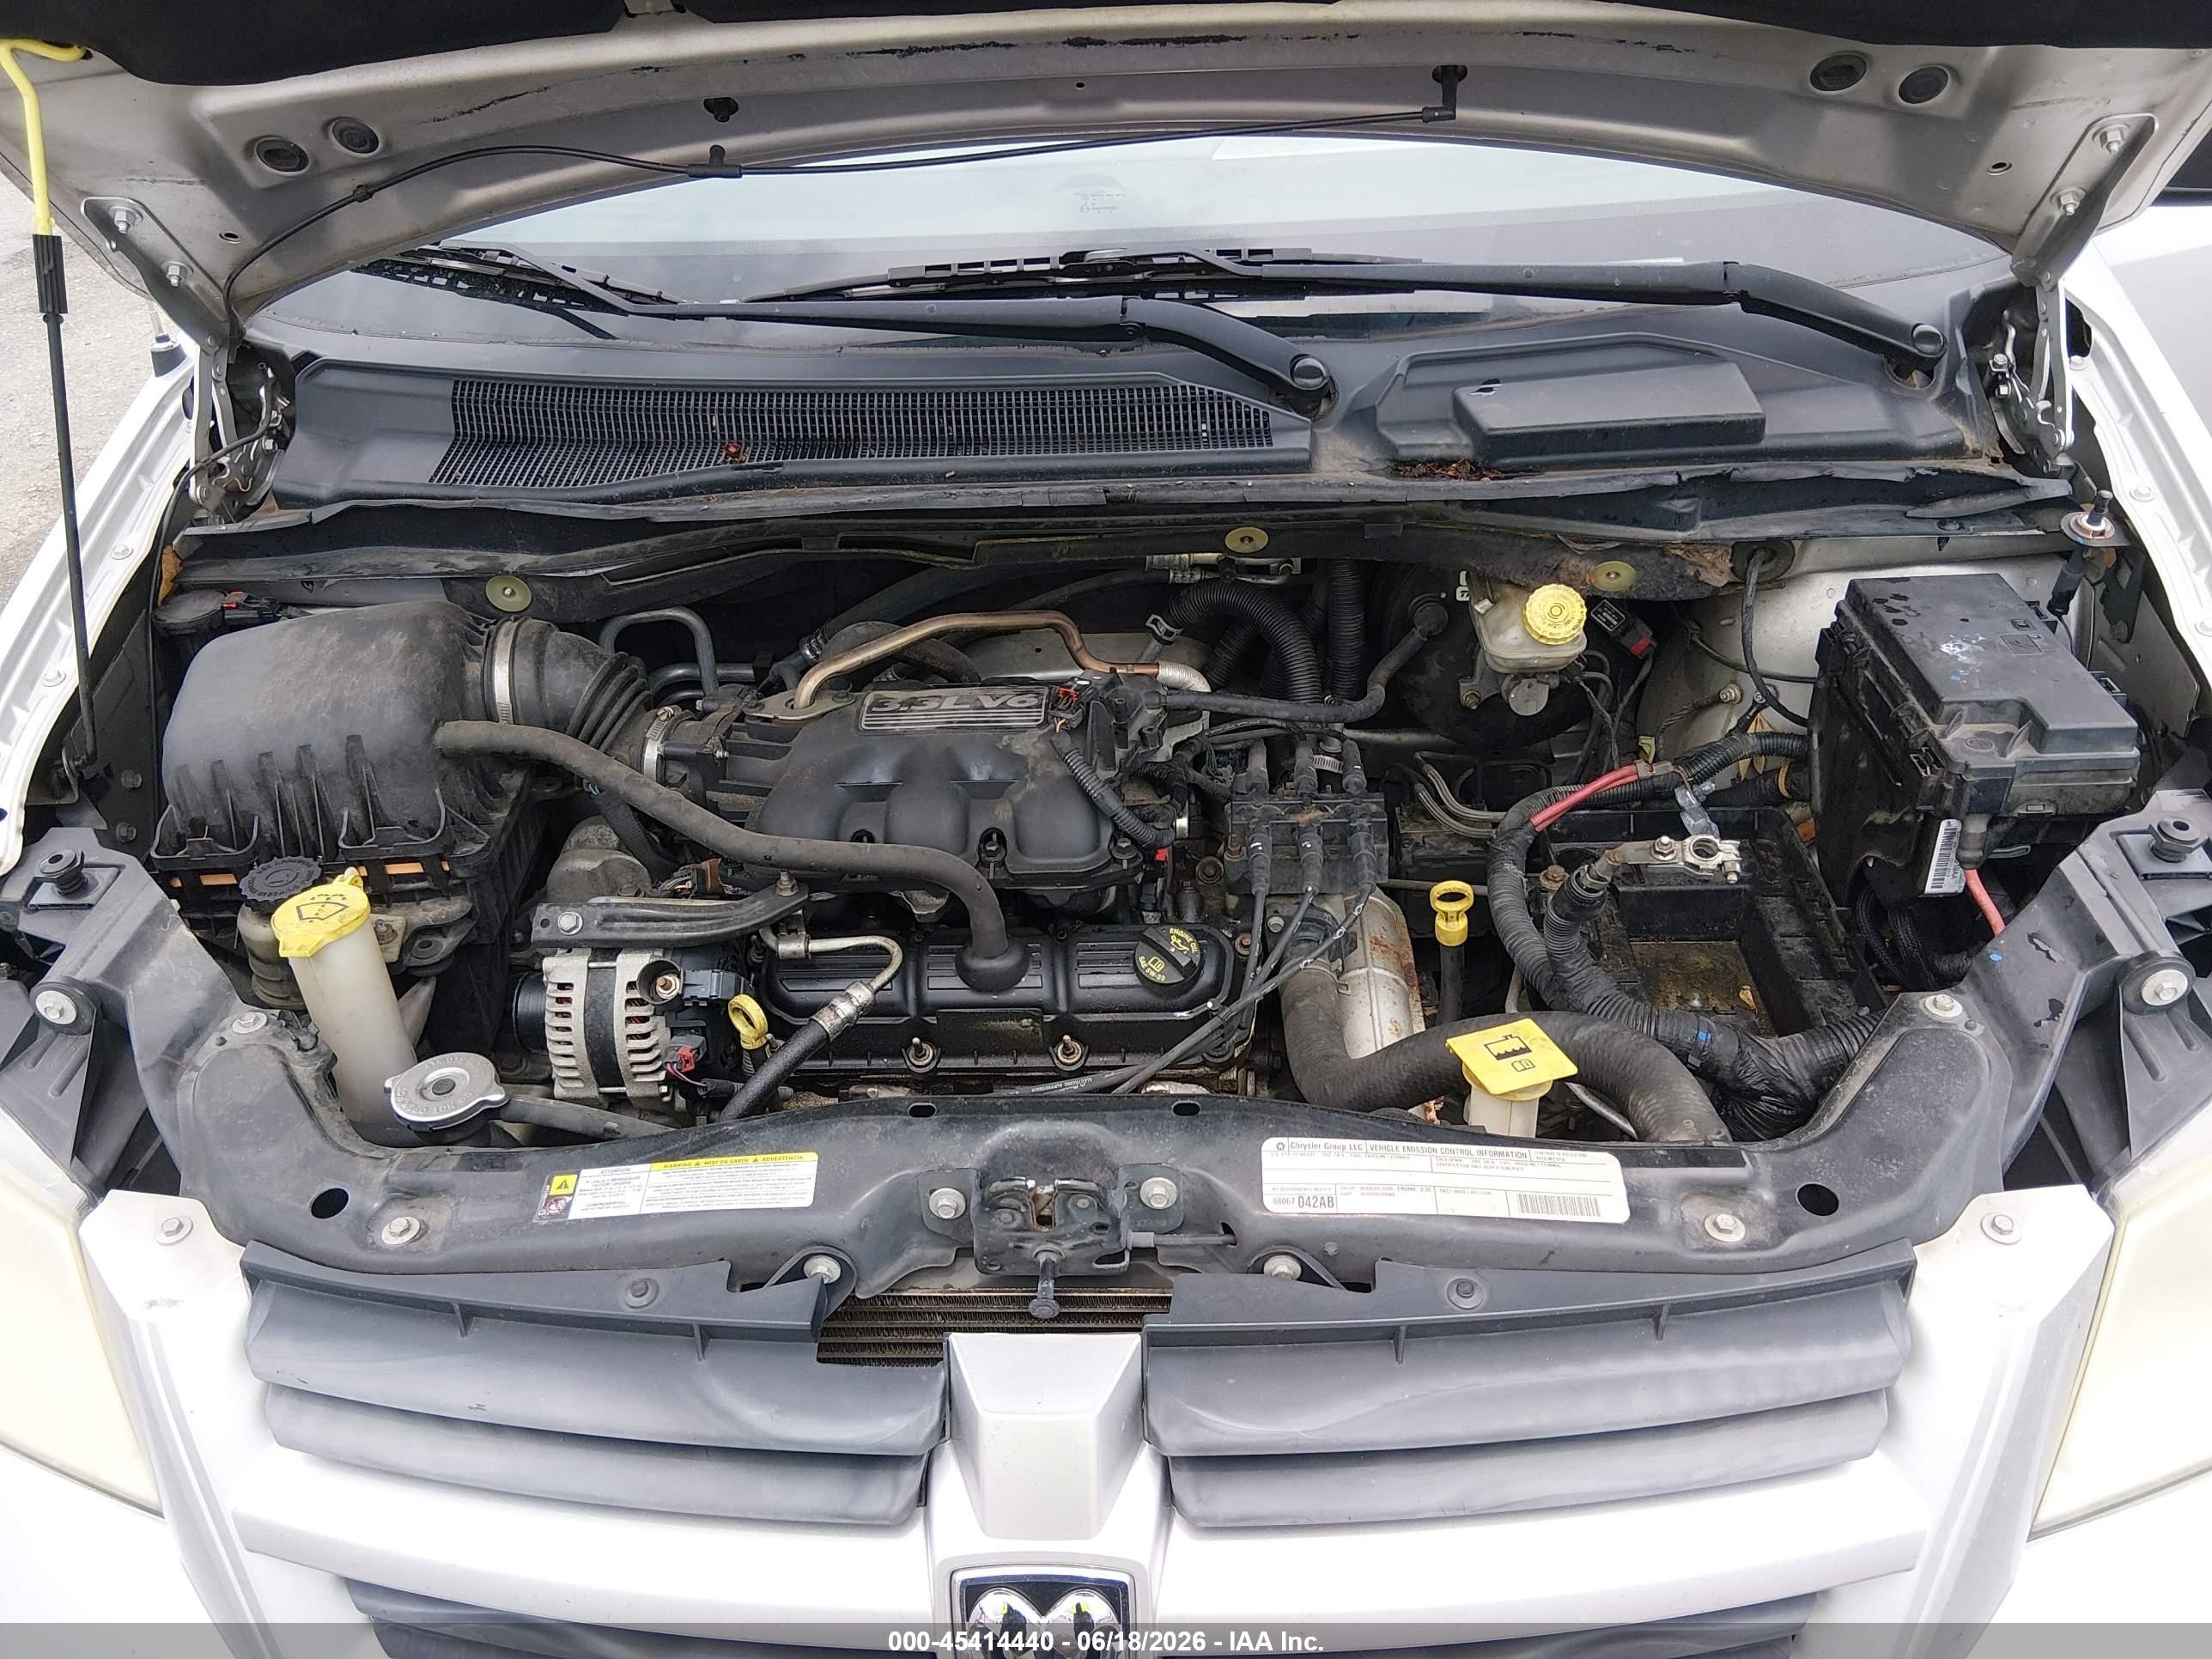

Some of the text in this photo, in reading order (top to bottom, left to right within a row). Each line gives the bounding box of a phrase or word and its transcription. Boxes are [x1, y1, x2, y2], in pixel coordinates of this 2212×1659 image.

[872, 693, 1039, 712] 3.3L V6
[1170, 927, 1194, 943] ENGINE
[1139, 956, 1165, 981] SAE 5W-20
[1291, 1141, 1322, 1152] Chrysler
[1324, 1142, 1346, 1152] Group
[1370, 1144, 1401, 1152] VEHICLE
[1402, 1146, 1437, 1154] EMISSION
[1440, 1147, 1474, 1156] CONTROL
[1476, 1149, 1528, 1159] INFORMATION
[1297, 1195, 1334, 1208] 042AB
+===+
WHAT IS EXPECTED:
Output the full listing verbatim, but drop the images.

EXERCISE SOLUTION:
Some of the text in this photo, in reading order (top to bottom, left to right within a row). Each line gives the bounding box of a phrase or word and its transcription. Boxes are [x1, y1, x2, y2], in pixel coordinates of this 2212×1659 image.

[872, 693, 1039, 712] 3.3L V6
[1170, 927, 1194, 943] ENGINE
[1139, 956, 1165, 981] SAE 5W-20
[1291, 1141, 1322, 1152] Chrysler
[1324, 1142, 1346, 1152] Group
[1370, 1144, 1401, 1152] VEHICLE
[1402, 1146, 1437, 1154] EMISSION
[1440, 1147, 1474, 1156] CONTROL
[1476, 1149, 1528, 1159] INFORMATION
[1297, 1195, 1334, 1208] 042AB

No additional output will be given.